Hyperlipidemia is a cluster of conditions, which can range from elevation in the cholesterol to triglyceride or low-density lipoprotein (LDL) level in the blood. It has been associated with higher risk of AD.120, 124, 131 Low levels of LDL cholesterol might reduce the risk of AD.132 Lipid lowering agents are thus at the frontline in the strategy of AD prevention. But this information is still controversial.120 It has been found that out of all cardiovascular risk factors, hyperlipidemia has the most genetic commonalities with AD.123, 133 The genetic variants were among these genes: APOA4, ATP-binding cassette transporters, such as ABCA1 and ABCG5, and phospholipases, such as ATP8B4 and LIPG.123, 134 According to the AlzForum (http://www.alzgene.org/default.asp), ABCA1, ABCG5 and APOA4 are found in AD.

Genetic pleiotropy is one very relevant discussion point when assessing two disorders comparing their genetic risk factors.
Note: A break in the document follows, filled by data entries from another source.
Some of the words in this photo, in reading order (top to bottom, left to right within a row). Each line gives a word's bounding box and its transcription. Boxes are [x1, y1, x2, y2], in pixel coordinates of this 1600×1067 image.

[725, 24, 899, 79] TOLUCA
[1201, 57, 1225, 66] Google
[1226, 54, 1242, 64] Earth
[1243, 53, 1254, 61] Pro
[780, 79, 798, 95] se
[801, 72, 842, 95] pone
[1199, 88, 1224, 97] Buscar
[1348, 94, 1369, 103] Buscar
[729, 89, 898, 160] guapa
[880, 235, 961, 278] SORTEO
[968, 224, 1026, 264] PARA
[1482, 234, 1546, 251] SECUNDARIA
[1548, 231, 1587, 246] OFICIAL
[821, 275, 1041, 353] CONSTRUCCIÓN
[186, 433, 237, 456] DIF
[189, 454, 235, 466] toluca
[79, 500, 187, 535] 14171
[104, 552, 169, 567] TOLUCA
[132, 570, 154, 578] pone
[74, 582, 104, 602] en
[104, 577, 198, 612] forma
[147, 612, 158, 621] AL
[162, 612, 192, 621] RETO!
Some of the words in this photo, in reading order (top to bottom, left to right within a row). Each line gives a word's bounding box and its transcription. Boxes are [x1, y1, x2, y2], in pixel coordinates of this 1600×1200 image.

One gene could be common to the pathogenesis of both diseases and allows us to understand more about these diseases. Polymorphisms associated with triglycerides, HDL, LDL and C-reactive protein (CRP) have also been associated with a higher risk of AD. Namely rs13113697 (on chromosome 4; closest gene, HS3ST1) and rs7920721 (on chromosome 10; closest gene, ECHDC3), were genome-wide significant. Also, HS3ST1 and ECHDC3 transcript expression were different in AD brains compared with control brains.133 This information is still inconsistent and therefore warrants further extensive research.

Some of the most popular drugs to treat high cholesterol that are presumed to lower risk of dementia are discussed below and shown in Table 2.
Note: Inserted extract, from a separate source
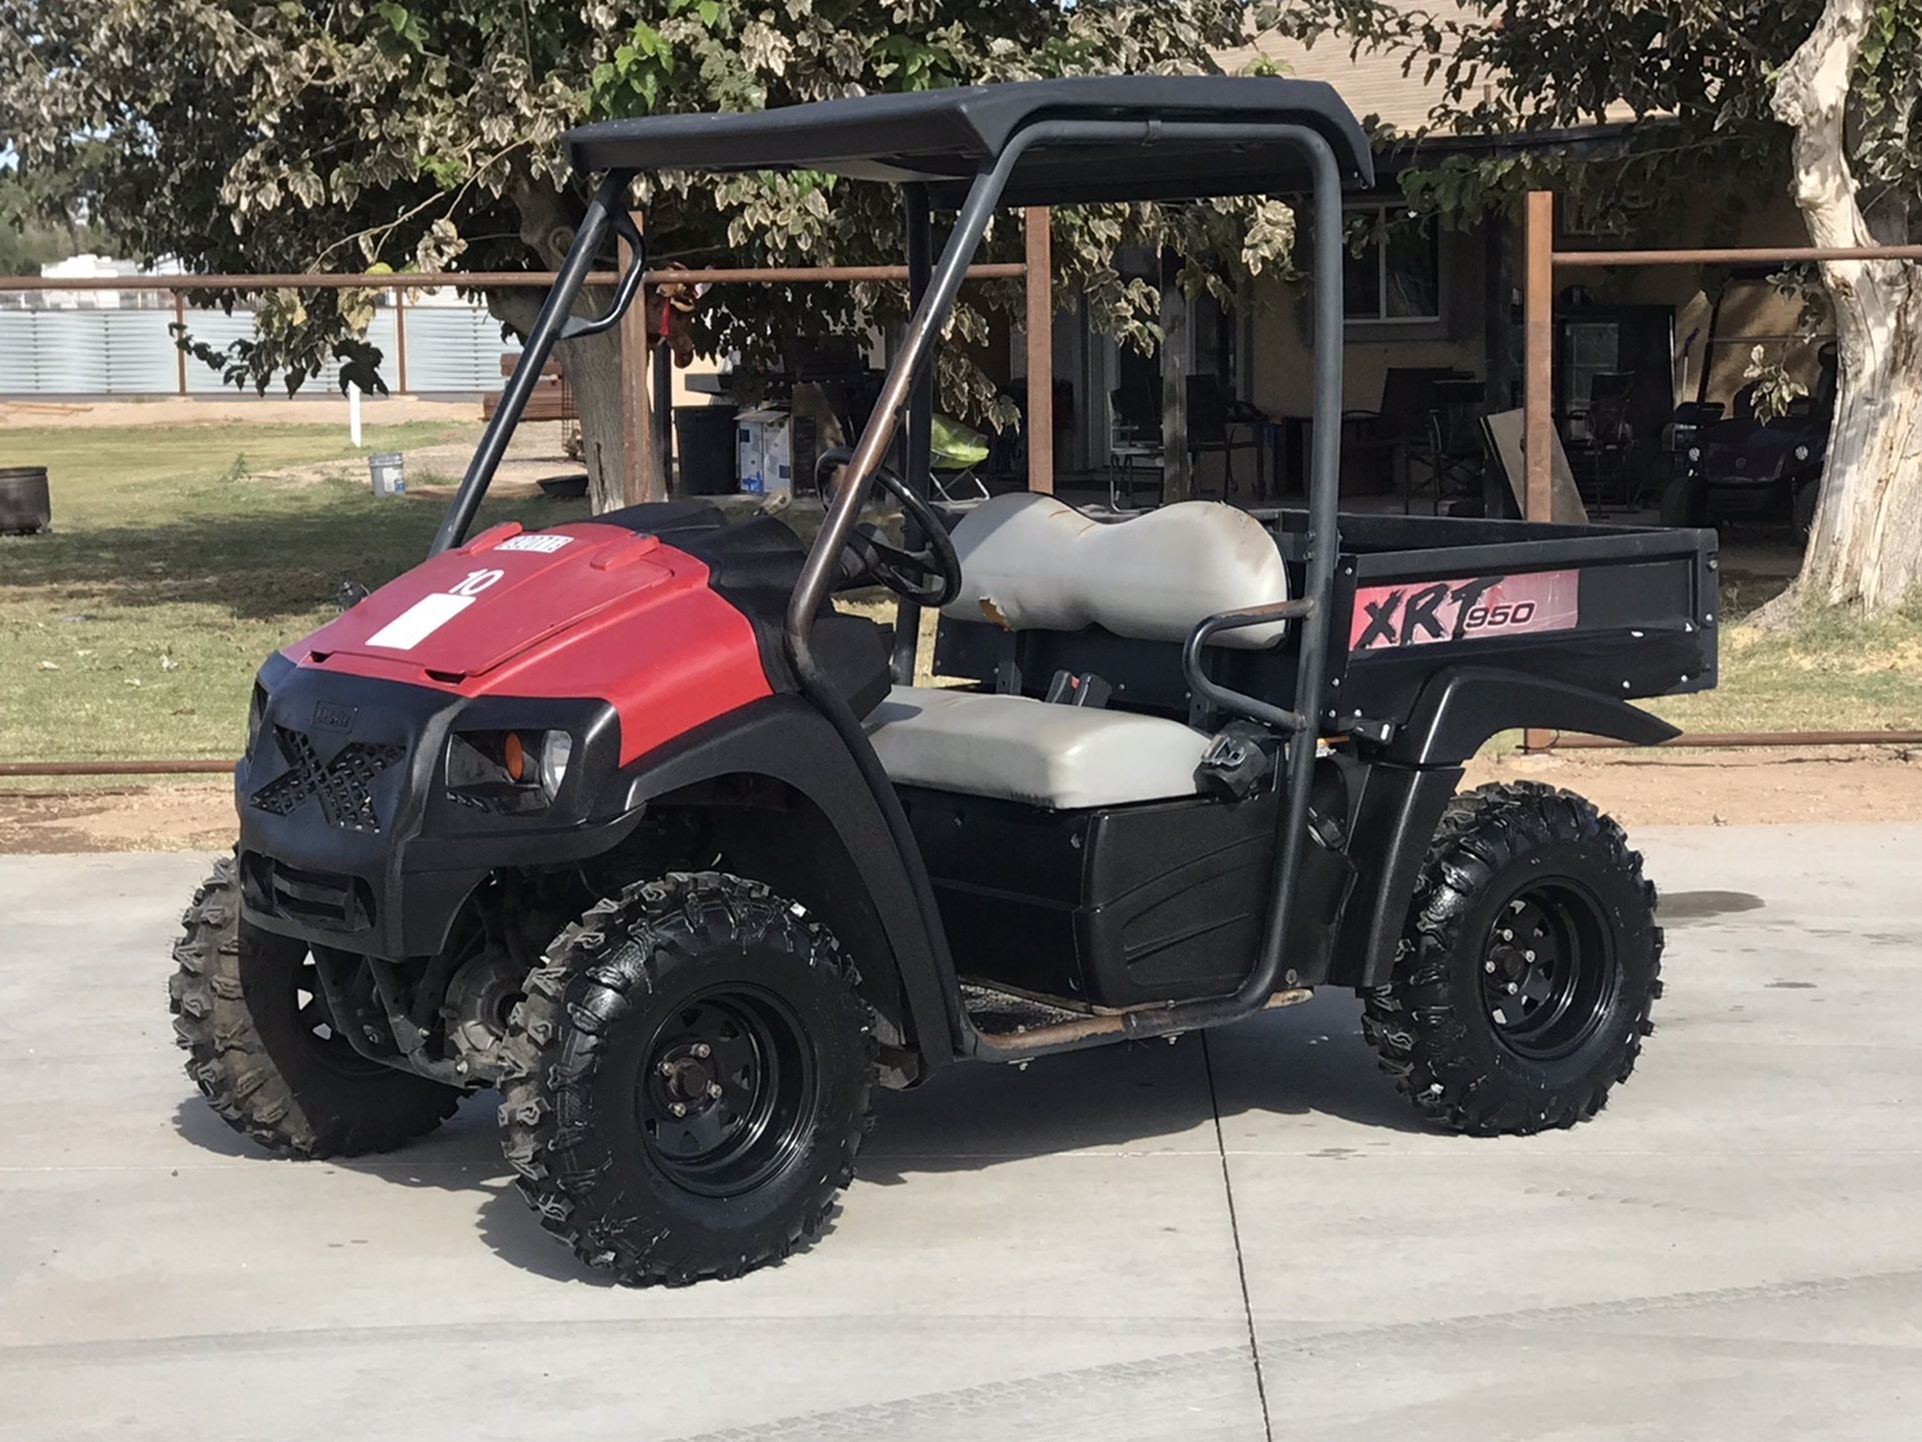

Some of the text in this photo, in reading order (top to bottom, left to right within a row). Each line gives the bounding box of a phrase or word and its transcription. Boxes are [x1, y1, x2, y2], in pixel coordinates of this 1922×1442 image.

[449, 568, 504, 595] 10
[1353, 576, 1536, 652] XRT 950
TABLE 2. Anti-hyperlipidemic agents (cholesterol-lowering drugs) in Alzheimer disease
Chemical class Target Drug structure Reference
Statins HMG-CoA reductase (3-hydroxy-3-methyl-glutaryl-coenzyme A reductase)

Representative of the family, Atorvastatin, also known as Lipitor

image

PubChem

Comment: Simvastatin (Zocor) is another popular statin

Fibrates PPAR (peroxisome proliferator-activated receptors)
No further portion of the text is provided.